What Is An Interest-Only Loan: A Complete Understanding

Jan 03, 2024 By Triston Martin

Monthly payments on a loan typically go toward paying off both the principal and the interest amount. By making regular interest payments, your principal debt will be reduced over time. In the case of the interest-only loan, a borrower is responsible for paying back just the interest accrued on the borrowed funds (also known as your "principal").

For a certain period, it means cheaper monthly payments. At some point, you must repay the whole debt at once or in larger monthly installments that cover principal and interest.

The monthly payments for the interest-only mortgage are lower initially, but this strategy comes with several risks and is often frowned upon. Learn more about their operation and application process below.

How Do Interest-Only Loans Function?

Borrowing terms for interest-only mortgage loans are split into two parts.

  • You pay just the interest on your mortgage for a certain number of years (usually between three and ten). Neither the principal nor your equity will decrease due to your payments.
  • The loan will switch to amortization when the first term ends. You will make bigger principal and interest payments for the remaining period. In the alternative, a balloon payment may be payable.

Mortgage terms might range from just a few years to well over twenty, during which time you'll make monthly interest payments. Your debt to the lender after the mortgage term will be the same as when you first borrowed the money, so you'll either have to pay it back or refinance.

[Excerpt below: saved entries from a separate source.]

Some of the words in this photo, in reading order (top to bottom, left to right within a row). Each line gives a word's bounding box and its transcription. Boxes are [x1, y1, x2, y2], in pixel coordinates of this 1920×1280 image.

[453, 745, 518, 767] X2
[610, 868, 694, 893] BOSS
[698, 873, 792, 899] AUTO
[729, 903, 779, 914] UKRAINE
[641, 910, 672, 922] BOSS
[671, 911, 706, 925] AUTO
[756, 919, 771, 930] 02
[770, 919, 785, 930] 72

Lenders may want proof of your capacity to pay off the principal and interest after the term before they approve an interest-only loan. A "repayment vehicle" is what we refer to as this, and it might be an investment, an individual savings account, or an endowment policy.

What Steps Should I Take Before Applying?

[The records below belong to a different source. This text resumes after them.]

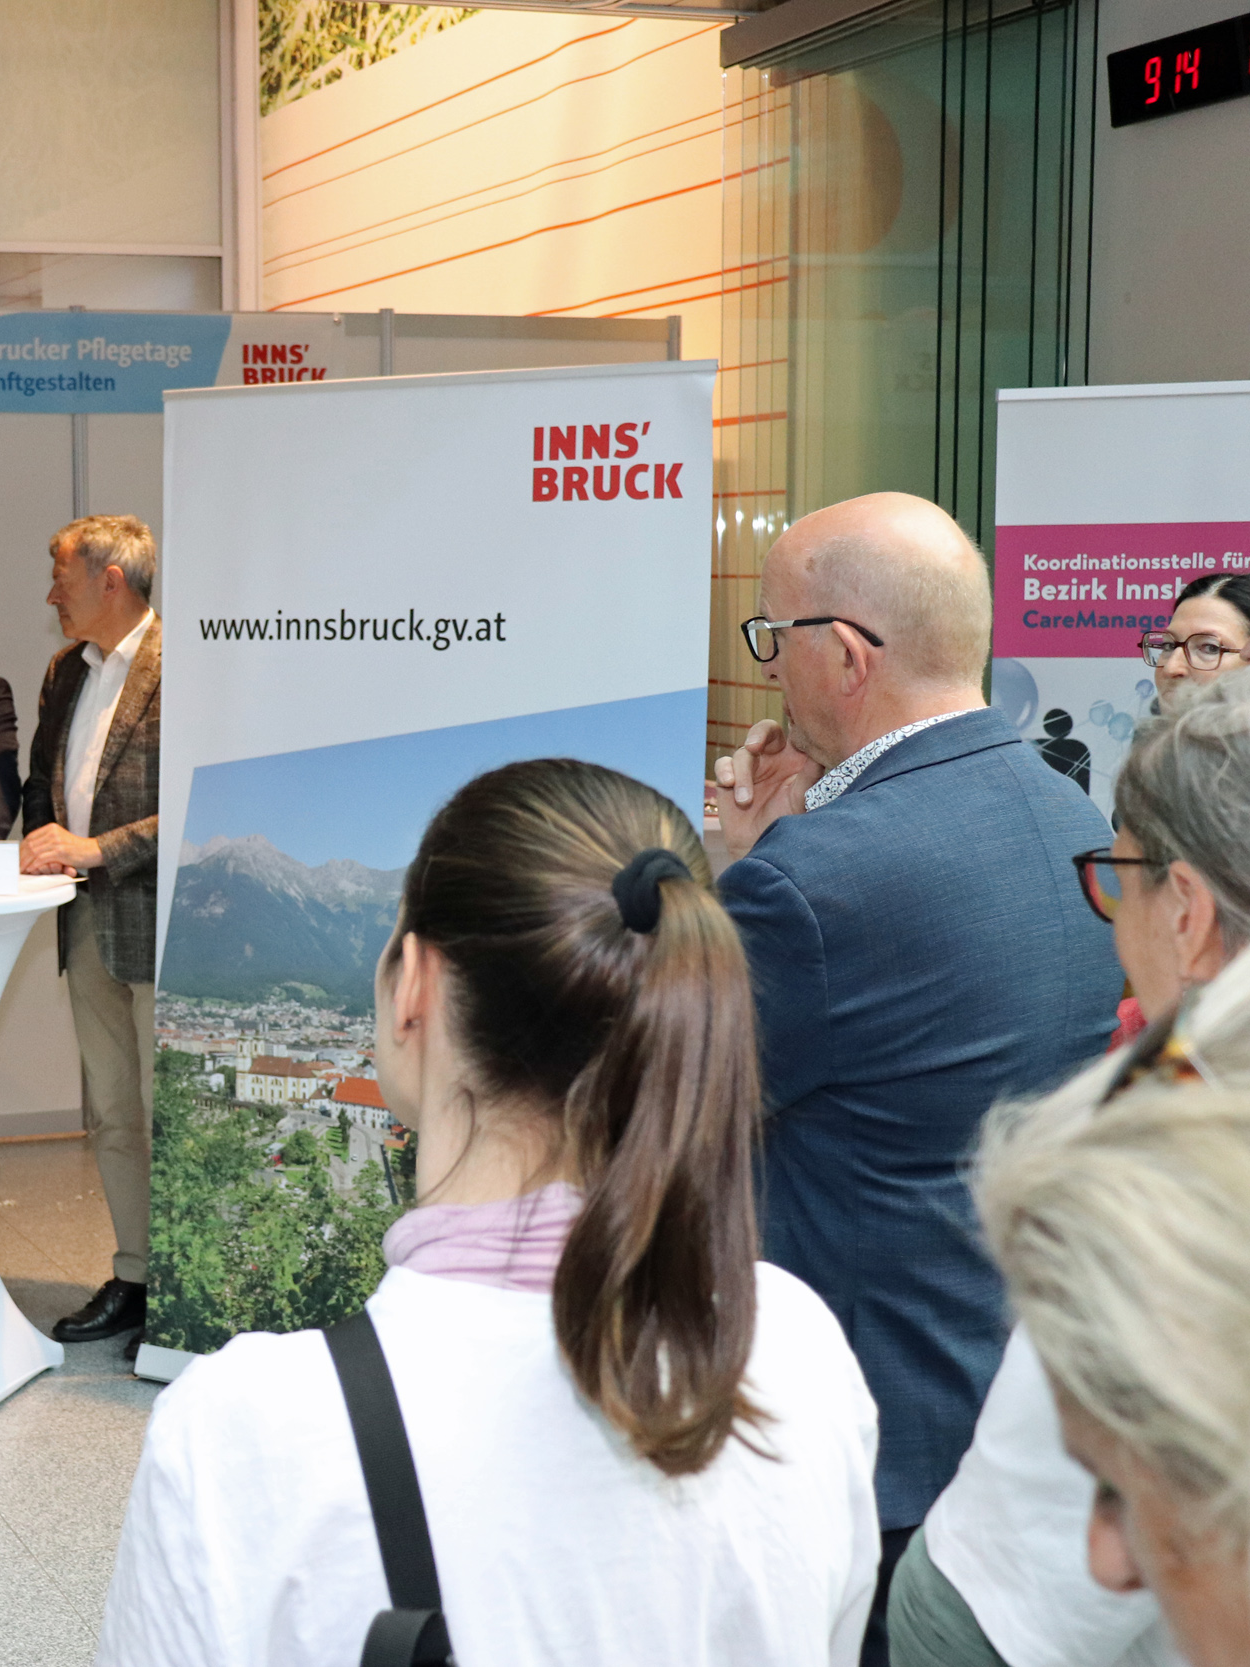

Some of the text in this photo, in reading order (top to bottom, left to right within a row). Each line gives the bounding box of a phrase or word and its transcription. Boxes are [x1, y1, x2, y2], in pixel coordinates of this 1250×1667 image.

[76, 337, 193, 368] Pflegetage
[242, 344, 309, 365] INNS'
[243, 367, 327, 385] BRUCK
[532, 421, 651, 462] INNS'
[531, 463, 684, 502] BRUCK
[1023, 551, 1250, 571] Koordinationsstelle für
[1023, 577, 1108, 600] Bezirk
[199, 608, 508, 652] www.innsbruck.gv.at
[1022, 609, 1173, 633] CareManage

Before considering applying for an interest-only loan, you should consider the following.

Mortgage Comparison

Before committing to an interest-only mortgage, examine all of your available options. Always try to learn about the many available mortgage programs to make the greatest choice for your present and future financial needs.

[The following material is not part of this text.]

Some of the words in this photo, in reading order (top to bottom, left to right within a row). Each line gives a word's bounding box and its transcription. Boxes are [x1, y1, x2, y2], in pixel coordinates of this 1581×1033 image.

To obtain the best mortgage rate, it's a good idea to look at offers from many providers and compare the conditions.

Verify Your Financial Limits

Lenders want assurance that you won't default on your mortgage if interest rates rise or your financial situation changes. In addition to how much money you make, they could also consider how much you spend.

Raise Your Credit Rating

Your credit score may be determined based on the lender's review of your credit report, application, and maybe even previous dealings with you as a client. This factor is used when deciding whether we should provide you with a loan.

If your credit score shows you are a responsible borrower, lenders will be more eager to deal with you. There may be a few different things you might do to raise your credit score. If you check your credit score for free on Experian Credit Score, you may get a decent picture of how potential lenders may look at you.

Your Repayment Schedule

Lenders of interest-only loans will likely want you to have a strategy for repaying the principal after the loan's interest-only period ends. Consider your repayment options, the dangers involved, and how you may demonstrate your commitment to the lender.

Nothing is wrong if you are looking for the assistance of a mortgage broker who can provide you with specialized mortgage guidance (although for a price).

An Interest-Only Loan's Benefits

For certain borrowers, interest-only loans might be the best option because:

  • Monthly payments are often lower at the start. Interest-only loans often have smaller monthly payments than other types of loans since the borrower pays off just the interest accrued during the loan's first years of payment.
  • It may permit you to purchase a more expensive home. You may get more money thanks to the reduced interest-only payment during the first term.
  • Quicker payoff times compared to traditional loans. If you make additional payments on an interest-only loan, you may reduce the amount you owe over time and reduce your monthly payment.

The principal on a traditional loan may be reduced by making more payments, but the installments do not change.

  • Reduced monthly payments may improve your cash flow since you will have a little additional money to spend.
  • Since these mortgages are often structured as adjustable-rate loans, the interest rates may be more affordable than traditional fixed-rate mortgages.

An Interest-Only Loan's Drawbacks

Interest-only loans provide the potential for greater financial risk for borrowers. These are a few drawbacks of this kind of loan:

  • A lack of home equity is preventing you from making improvements. If you want your home's worth to rise over time, investing in its equity is crucial. If you have an interest-only mortgage, your home's equity won't grow until you start making principal payments.
  • You may lose payment-related equity. Any equity you acquired from your down payment might be eliminated if the value of your house decreases. Refinancing might become problematic if you lose equity in your home.
  • While the prospect of low monthly payments may seem enticing for a certain length, it does not negate the need to repay the complete loan balance at some point. Your payments will rise when the interest-only term finishes.
  • Borrowers should know that interest-only loans often have higher interest rates than those with principal and interest payments. Interest costs on a mortgage will increase with a rise in interest rates.


There are advantages and disadvantages to having an interest-only loan. It can be the best choice if you're on a tight budget or need a temporary somewhere to live. Remember that you will eventually need to make principal payments.

Suppose you're trying to decide whether or not an interest-only mortgage makes financial sense. In that case, you may use a mortgage calculator that considers both interest-only payments and payments that include principal to help you make a decision.